━━━━━ EXTRACTED MATERIAL
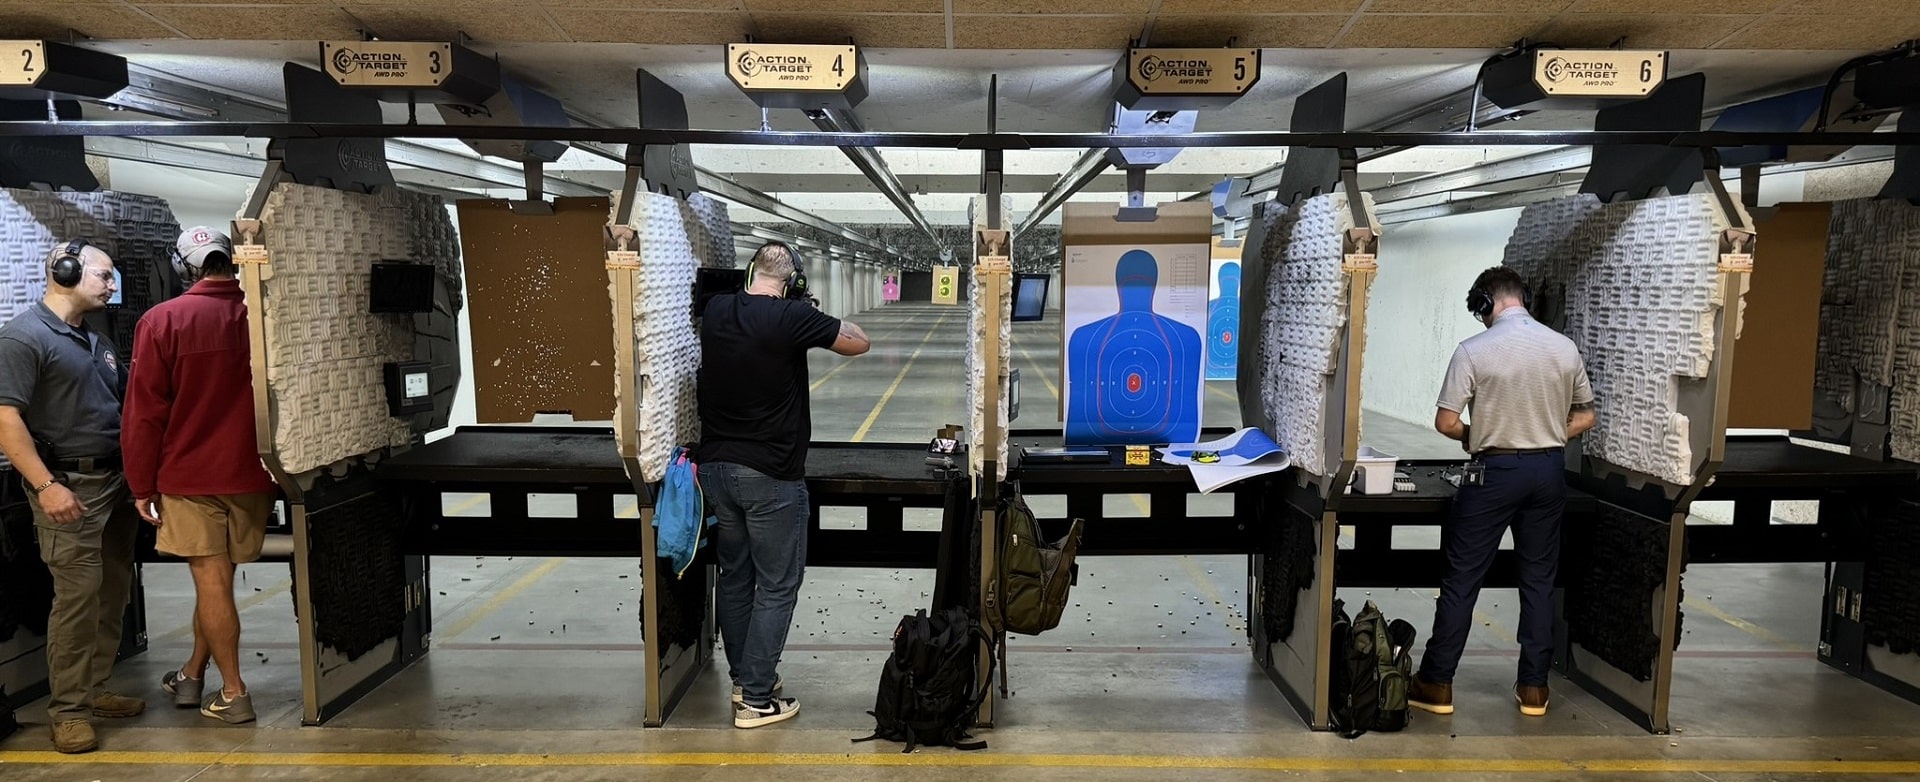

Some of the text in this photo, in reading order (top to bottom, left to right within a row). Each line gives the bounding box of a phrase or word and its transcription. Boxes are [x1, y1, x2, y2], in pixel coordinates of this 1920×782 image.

[21, 49, 34, 72] 2
[429, 50, 441, 74] 3
[756, 56, 807, 64] ACTION
[358, 62, 408, 70] TARGET
[763, 65, 813, 73] TARGET
[831, 54, 844, 77] 4
[1234, 57, 1246, 81] 5
[1563, 62, 1614, 70] ACTION
[1163, 69, 1213, 77] TARGET
[1569, 71, 1618, 79] TARGET
[1640, 59, 1652, 83] 6
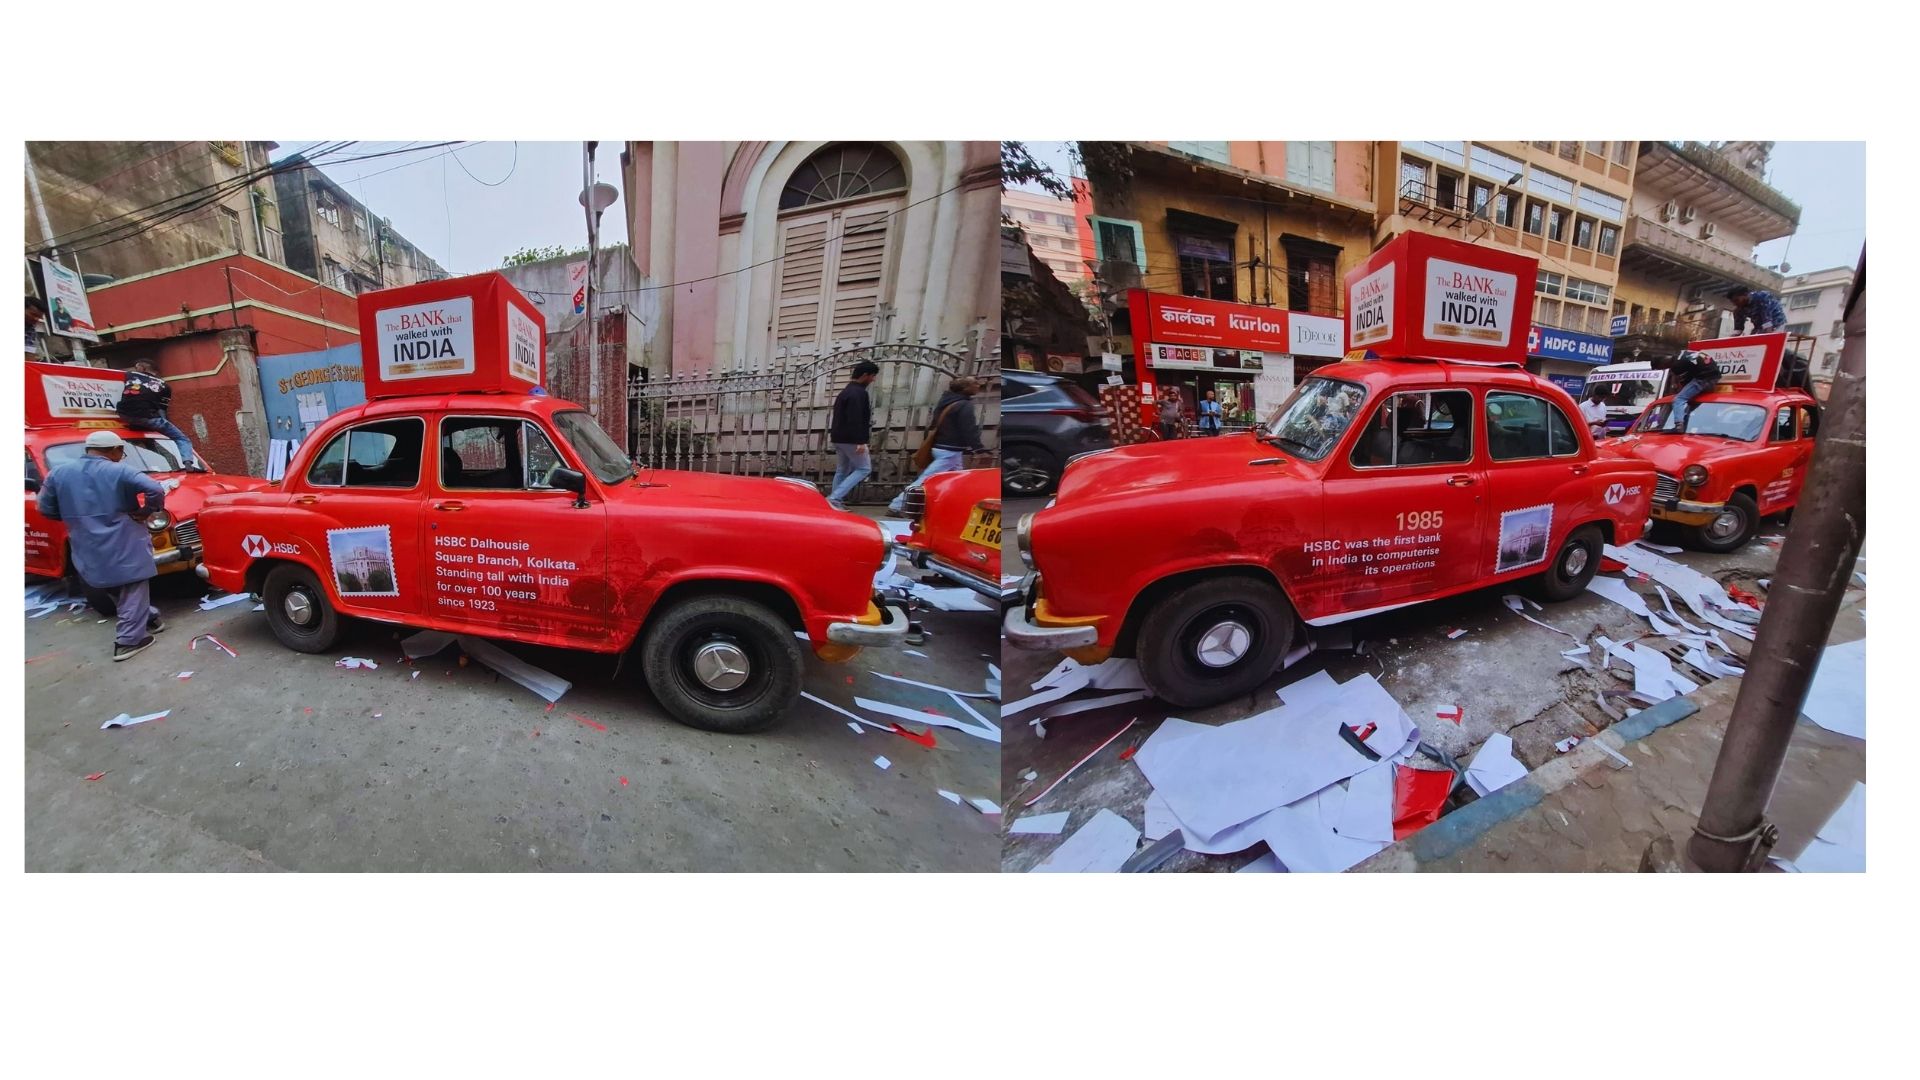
━━━━━━━━━━
EXERCISE: Write out the entries above verbatim, without pictures.

OUTPUT BELOW:
Some of the text in this photo, in reading order (top to bottom, left to right within a row). Each line gives the bounding box of a phrase or word and its transcription. Boxes are [x1, y1, x2, y2], in pixel coordinates of this 1920×782 image.

[21, 49, 34, 72] 2
[429, 50, 441, 74] 3
[756, 56, 807, 64] ACTION
[358, 62, 408, 70] TARGET
[763, 65, 813, 73] TARGET
[831, 54, 844, 77] 4
[1234, 57, 1246, 81] 5
[1563, 62, 1614, 70] ACTION
[1163, 69, 1213, 77] TARGET
[1569, 71, 1618, 79] TARGET
[1640, 59, 1652, 83] 6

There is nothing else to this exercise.